RECORDS PROVIDED
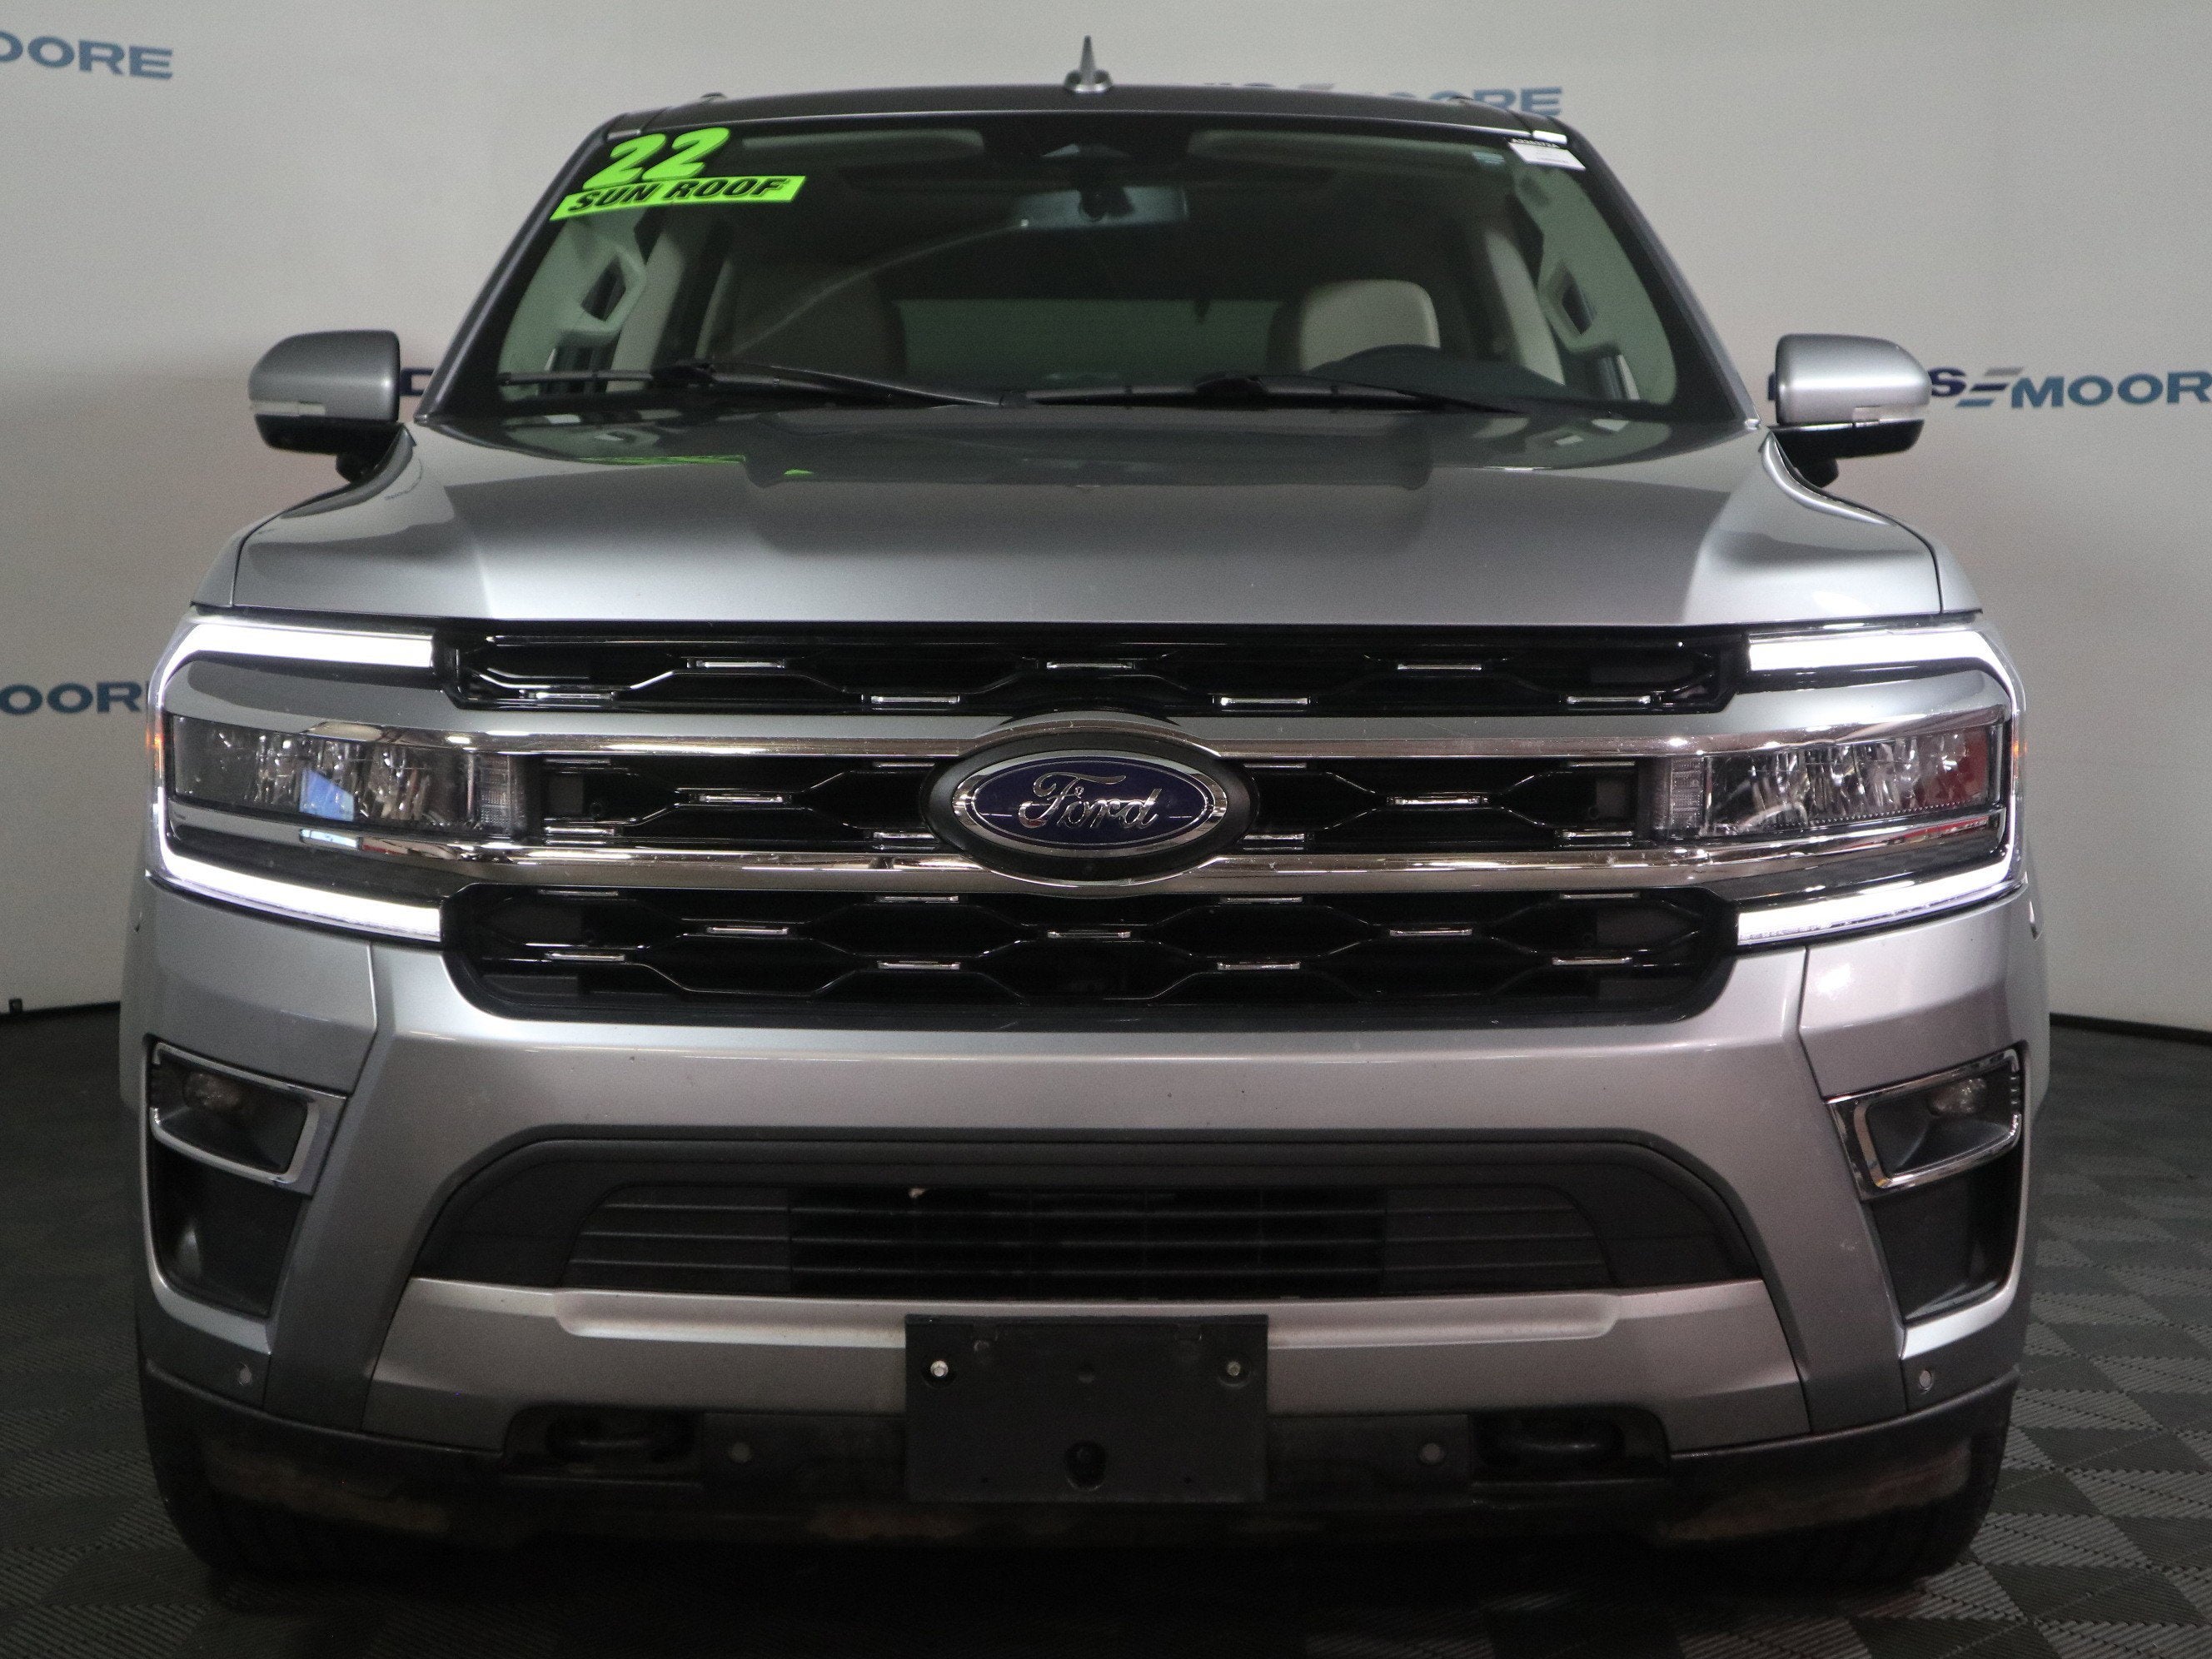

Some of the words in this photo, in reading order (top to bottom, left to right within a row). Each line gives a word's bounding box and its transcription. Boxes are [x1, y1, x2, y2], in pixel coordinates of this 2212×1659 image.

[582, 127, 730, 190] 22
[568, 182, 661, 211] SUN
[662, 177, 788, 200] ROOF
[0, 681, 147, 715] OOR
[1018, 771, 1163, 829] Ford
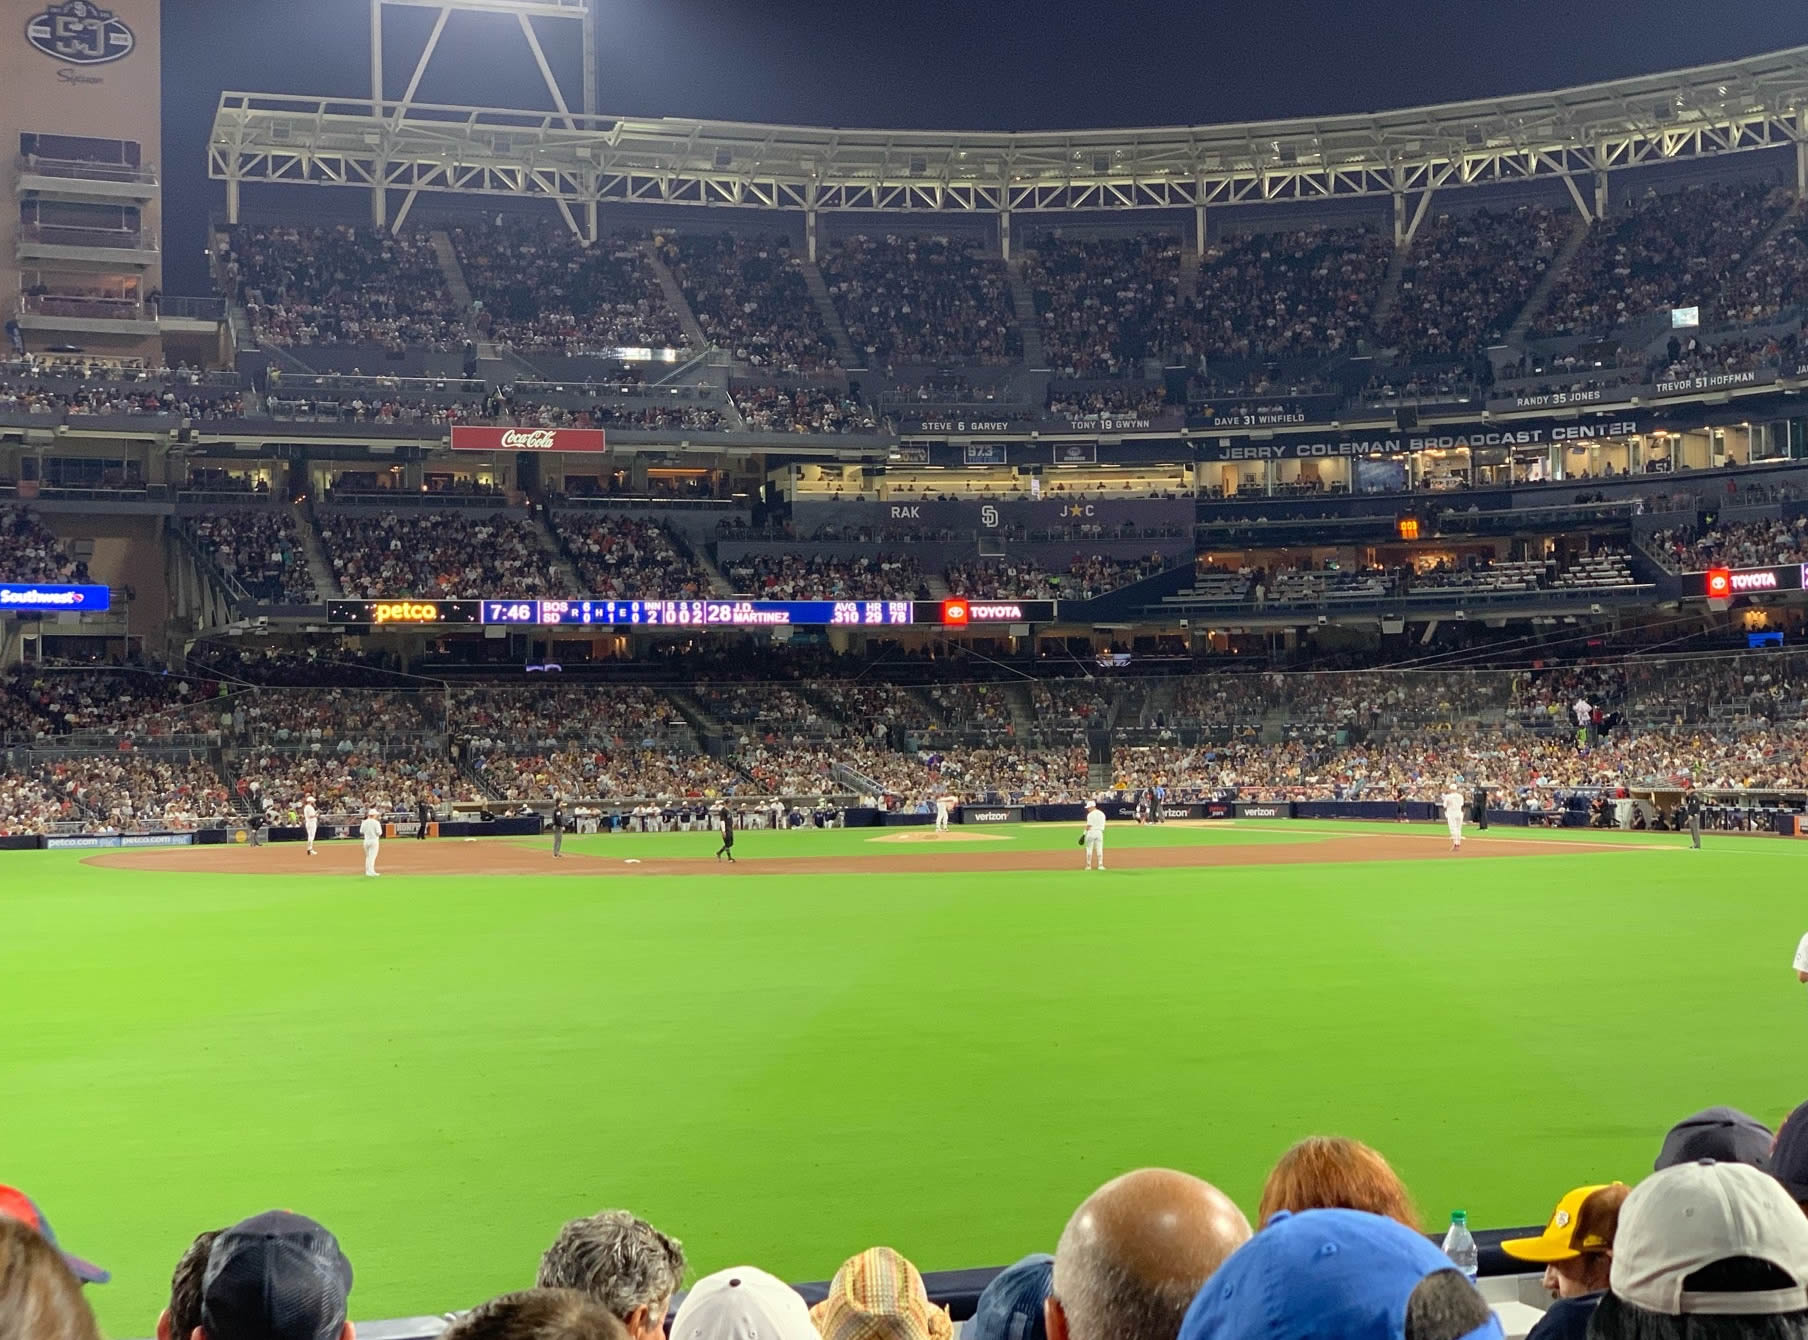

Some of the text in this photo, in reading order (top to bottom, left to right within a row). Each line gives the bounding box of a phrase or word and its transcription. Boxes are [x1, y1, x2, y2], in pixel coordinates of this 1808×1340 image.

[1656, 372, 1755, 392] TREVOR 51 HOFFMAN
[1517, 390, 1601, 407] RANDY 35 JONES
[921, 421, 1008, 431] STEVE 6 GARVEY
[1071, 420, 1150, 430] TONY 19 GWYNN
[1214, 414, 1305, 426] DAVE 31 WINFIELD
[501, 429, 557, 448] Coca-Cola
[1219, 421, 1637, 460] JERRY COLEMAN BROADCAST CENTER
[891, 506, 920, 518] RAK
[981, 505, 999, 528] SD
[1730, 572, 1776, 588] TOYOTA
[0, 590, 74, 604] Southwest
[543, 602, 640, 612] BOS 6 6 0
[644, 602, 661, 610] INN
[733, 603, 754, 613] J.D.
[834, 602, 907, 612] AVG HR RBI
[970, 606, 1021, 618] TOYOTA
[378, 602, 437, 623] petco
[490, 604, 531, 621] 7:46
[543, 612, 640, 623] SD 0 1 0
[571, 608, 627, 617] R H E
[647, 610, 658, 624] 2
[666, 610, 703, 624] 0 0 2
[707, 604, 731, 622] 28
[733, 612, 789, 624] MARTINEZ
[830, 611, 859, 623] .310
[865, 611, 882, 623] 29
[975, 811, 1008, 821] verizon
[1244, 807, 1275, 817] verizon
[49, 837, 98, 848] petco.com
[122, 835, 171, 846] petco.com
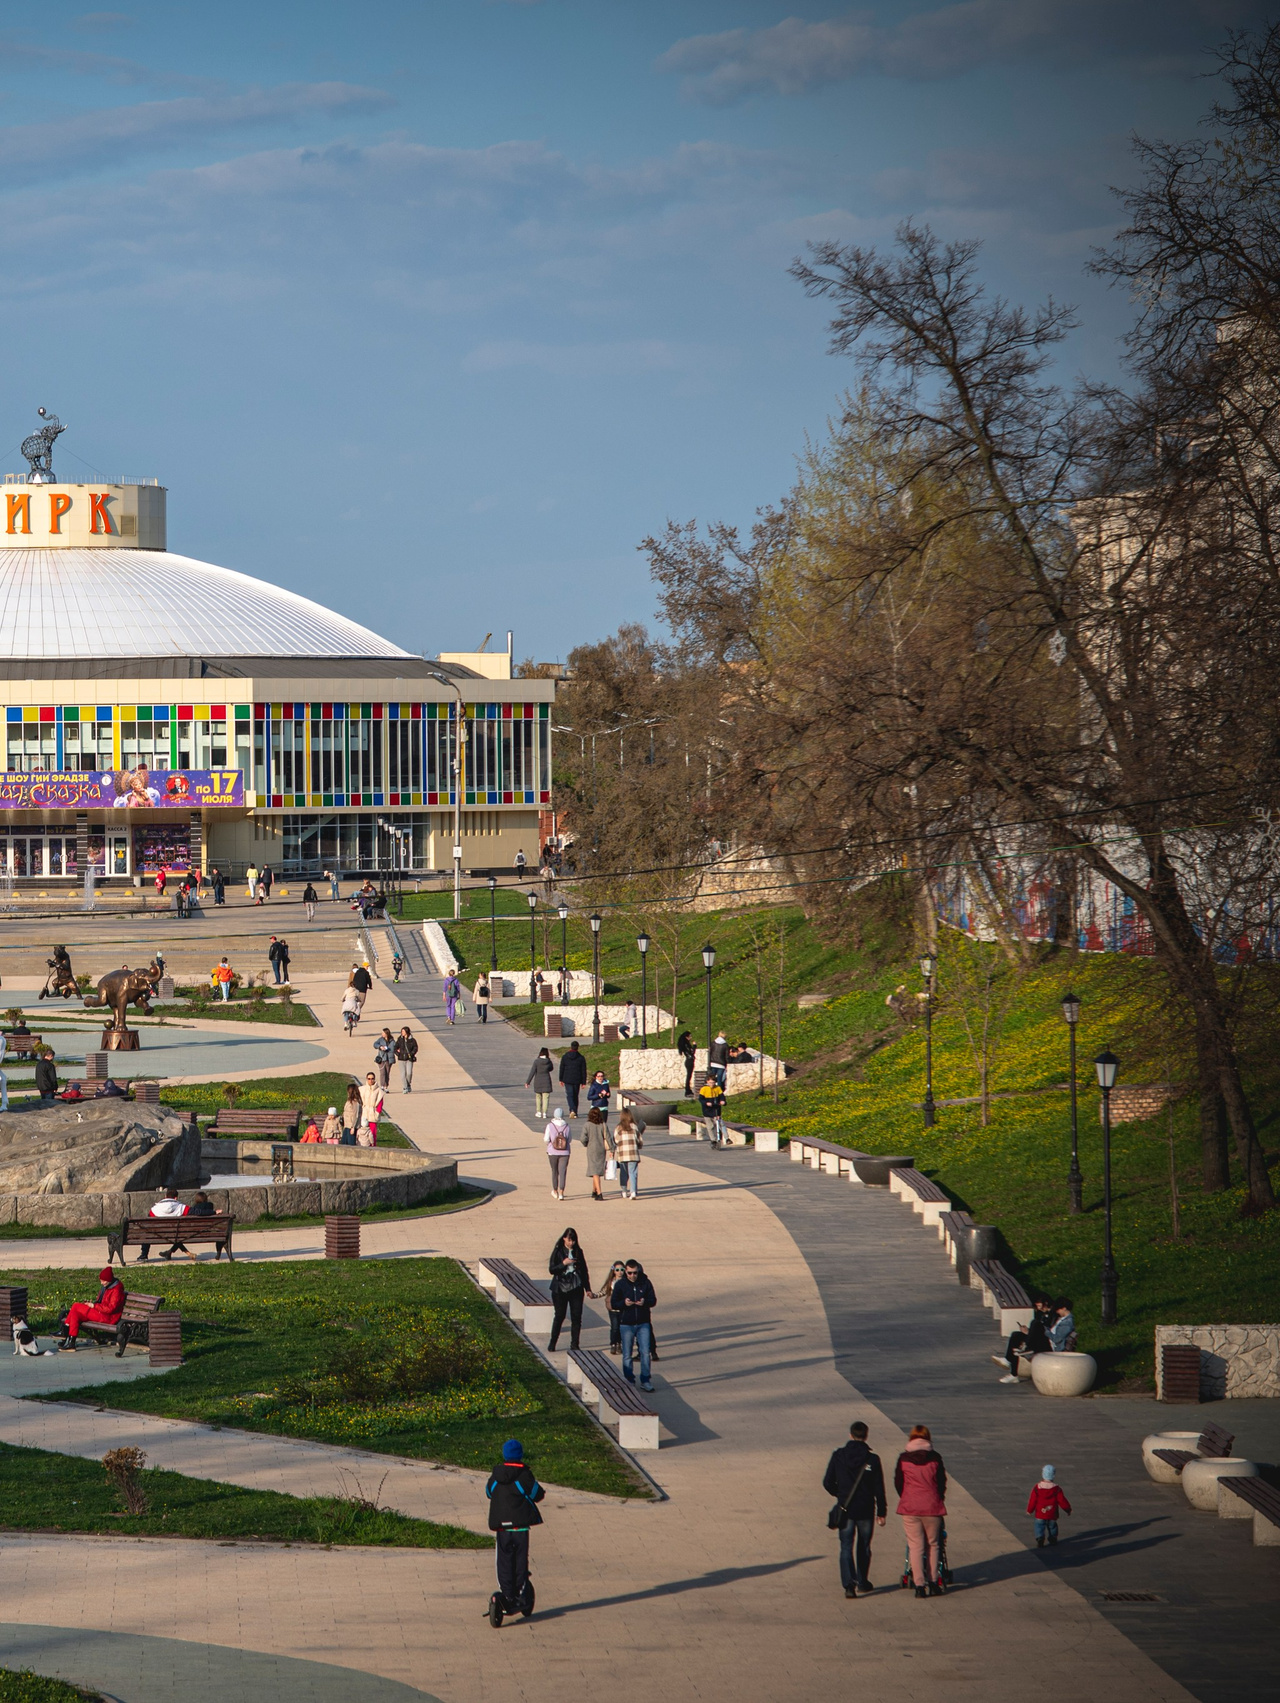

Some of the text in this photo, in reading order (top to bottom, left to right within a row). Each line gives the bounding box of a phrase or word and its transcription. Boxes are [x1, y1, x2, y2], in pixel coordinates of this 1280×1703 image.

PROBLEM DESCRIPTION
If an entry holds a picture, leave the picture out and repeat the rest exactly.

SOLUTION FOR THIS PROBLEM
Some of the words in this photo, in reading order (top to bottom, left to right within a row). Each line gives a word's bounding box and its transcription. Boxes are [x1, y1, x2, y2], in pixel coordinates of this 2212×1659 image.

[582, 127, 730, 190] 22
[568, 182, 661, 211] SUN
[662, 177, 788, 200] ROOF
[0, 681, 147, 715] OOR
[1018, 771, 1163, 829] Ford

Some of the text in this photo, in reading order (top to bottom, left to right within a row). Each line gives the bounding box of a phrase or word and its transcription. Boxes are [x1, y1, x2, y2], in pixel coordinates of this 1808×1340 image.

[1656, 372, 1755, 392] TREVOR 51 HOFFMAN
[1517, 390, 1601, 407] RANDY 35 JONES
[921, 421, 1008, 431] STEVE 6 GARVEY
[1071, 420, 1150, 430] TONY 19 GWYNN
[1214, 414, 1305, 426] DAVE 31 WINFIELD
[501, 429, 557, 448] Coca-Cola
[1219, 421, 1637, 460] JERRY COLEMAN BROADCAST CENTER
[891, 506, 920, 518] RAK
[981, 505, 999, 528] SD
[1730, 572, 1776, 588] TOYOTA
[0, 590, 74, 604] Southwest
[543, 602, 640, 612] BOS 6 6 0
[644, 602, 661, 610] INN
[733, 603, 754, 613] J.D.
[834, 602, 907, 612] AVG HR RBI
[970, 606, 1021, 618] TOYOTA
[378, 602, 437, 623] petco
[490, 604, 531, 621] 7:46
[543, 612, 640, 623] SD 0 1 0
[571, 608, 627, 617] R H E
[647, 610, 658, 624] 2
[666, 610, 703, 624] 0 0 2
[707, 604, 731, 622] 28
[733, 612, 789, 624] MARTINEZ
[830, 611, 859, 623] .310
[865, 611, 882, 623] 29
[975, 811, 1008, 821] verizon
[1244, 807, 1275, 817] verizon
[49, 837, 98, 848] petco.com
[122, 835, 171, 846] petco.com

Some of the text in this photo, in reading order (top to bottom, left to right within a row). Each line gives the bounding box of a phrase or word and its transcription. Boxes are [x1, y1, x2, y2], in pixel coordinates of this 1280×1703 image.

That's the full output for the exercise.